# buckmark allen wrench



## bluehandgun

does anyone know what size allen wrench you need to dissemble a buckmark to clean it? i have a handful of allen wrenchs, and none fit - so it looks like i have to buy one.

thanx!


----------



## Baldy

If your standards don't fit try a metric. Good luck.


----------



## JeffWard

Ironically, the barrel lug wrench, and the slide/rail-mount wrench are different...

Mine is a metric, off my multi-wrench

pain


----------



## Shipwreck

I bought a set at Wal-Mart - they were in a fishbowl type container - loose on keyrings. 99 cents. Entire set of standard AND metric. 

I bought these back in 12-2006 for my PS90, which needs metric.

I've used them on my Buckmark before - but I do not know the size.


----------



## bluehandgun

after 2 trips to the hardware store...

slide/rail = 3/32
barrel = 7/64

:smt023


----------



## Liko81

bluehandgun said:


> after 2 trips to the hardware store...
> 
> slide/rail = 3/32
> barrel = 7/64
> 
> :smt023


Interesting; my barrel screw just takes a flathead screwdriver. The slide rail screws are indeed 3/32 on my gun as well.

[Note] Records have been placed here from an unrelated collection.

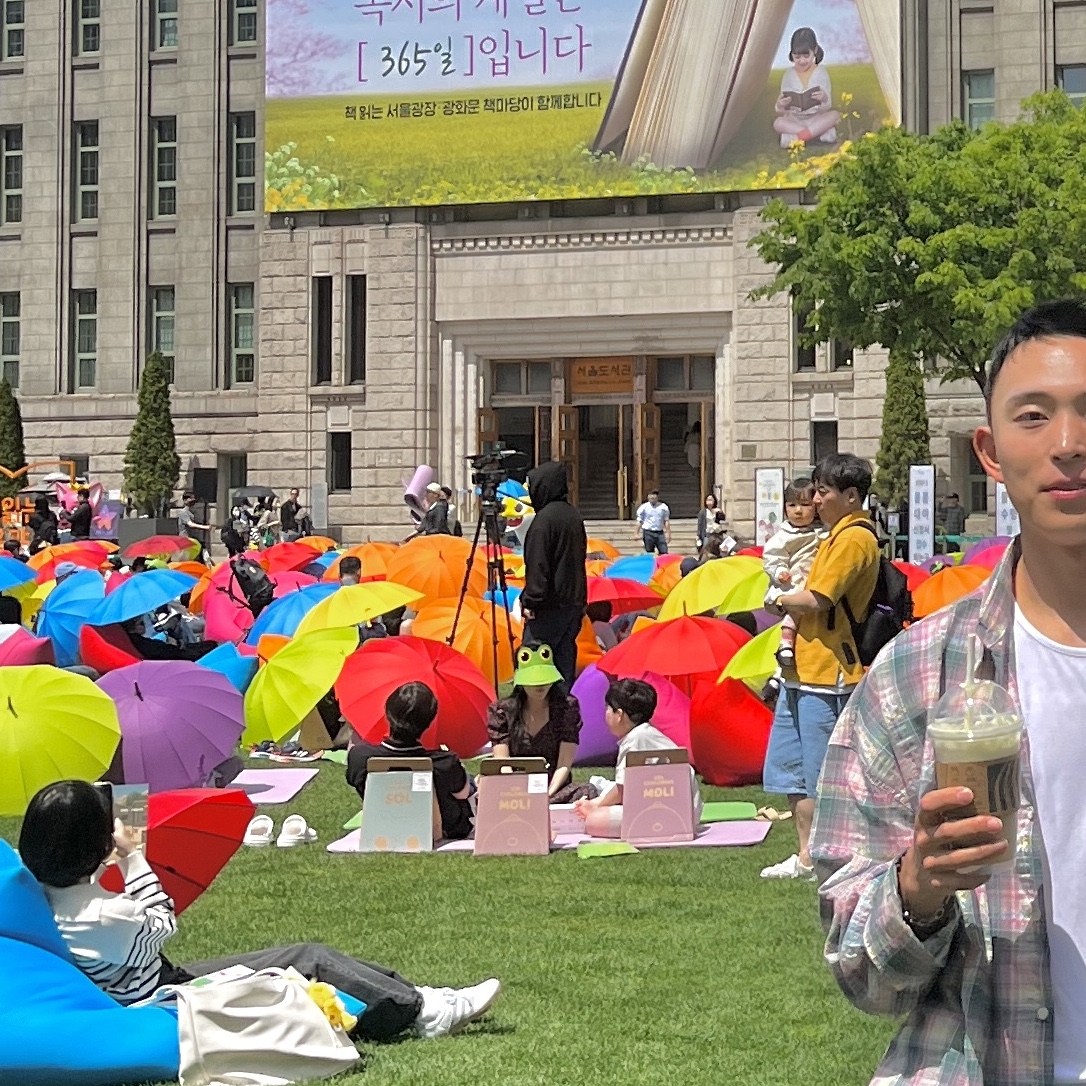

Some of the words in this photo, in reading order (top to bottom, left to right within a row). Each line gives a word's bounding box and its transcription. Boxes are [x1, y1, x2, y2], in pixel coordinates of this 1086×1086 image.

[380, 35, 456, 78] 365일
[344, 105, 356, 120] 책
[359, 104, 383, 120] 읽는
[483, 95, 534, 113] 책마당이
[537, 92, 602, 110] 함께합니다
[577, 364, 631, 377] 서울도서관
[643, 786, 675, 798] MOLI
[498, 798, 531, 810] MOLI

Practically nobody buys a single Allen wrench anymore unless it's a specialized design like a truss rod wrench for a guitar. head to Fry's or Home Depot's tool section and pick up a fold-up set of Allen wrenches. It'll cost you $5 per set (get two; SAE and metric) and trust me, you'll have plenty of uses for them.


----------



## bluehandgun

Liko81 said:


> Interesting; my barrel screw just takes a flathead screwdriver. The slide rail screws are indeed 3/32 on my gun as well.
> 
> Practically nobody buys a single Allen wrench anymore unless it's a specialized design like a truss rod wrench for a guitar. head to Fry's or Home Depot's tool section and pick up a fold-up set of Allen wrenches. It'll cost you $5 per set (get two; SAE and metric) and trust me, you'll have plenty of uses for them.


i hear you.

i have a couple loose sets of hex wrenches on my work bench already, coincidentally the 3/32's were missing. so while i was at the store getting a couple of 3/32's i picked up an extra 7/64, so for a whole $1.50 i replenished my work bench with a 3/32 and put a 3/32 and a 7/64 in my gun cleaning kit.


----------



## augmister

*More good sources for Buck Marks*

Highly recommend www.rimfirecentral.com for more info on your Buck Mark.
The have a trigger spring flip that will cut the trigger pull in 1/2, among other neat things to make your Buck Mark a great gun!


----------



## bluehandgun

thanks for the link!


----------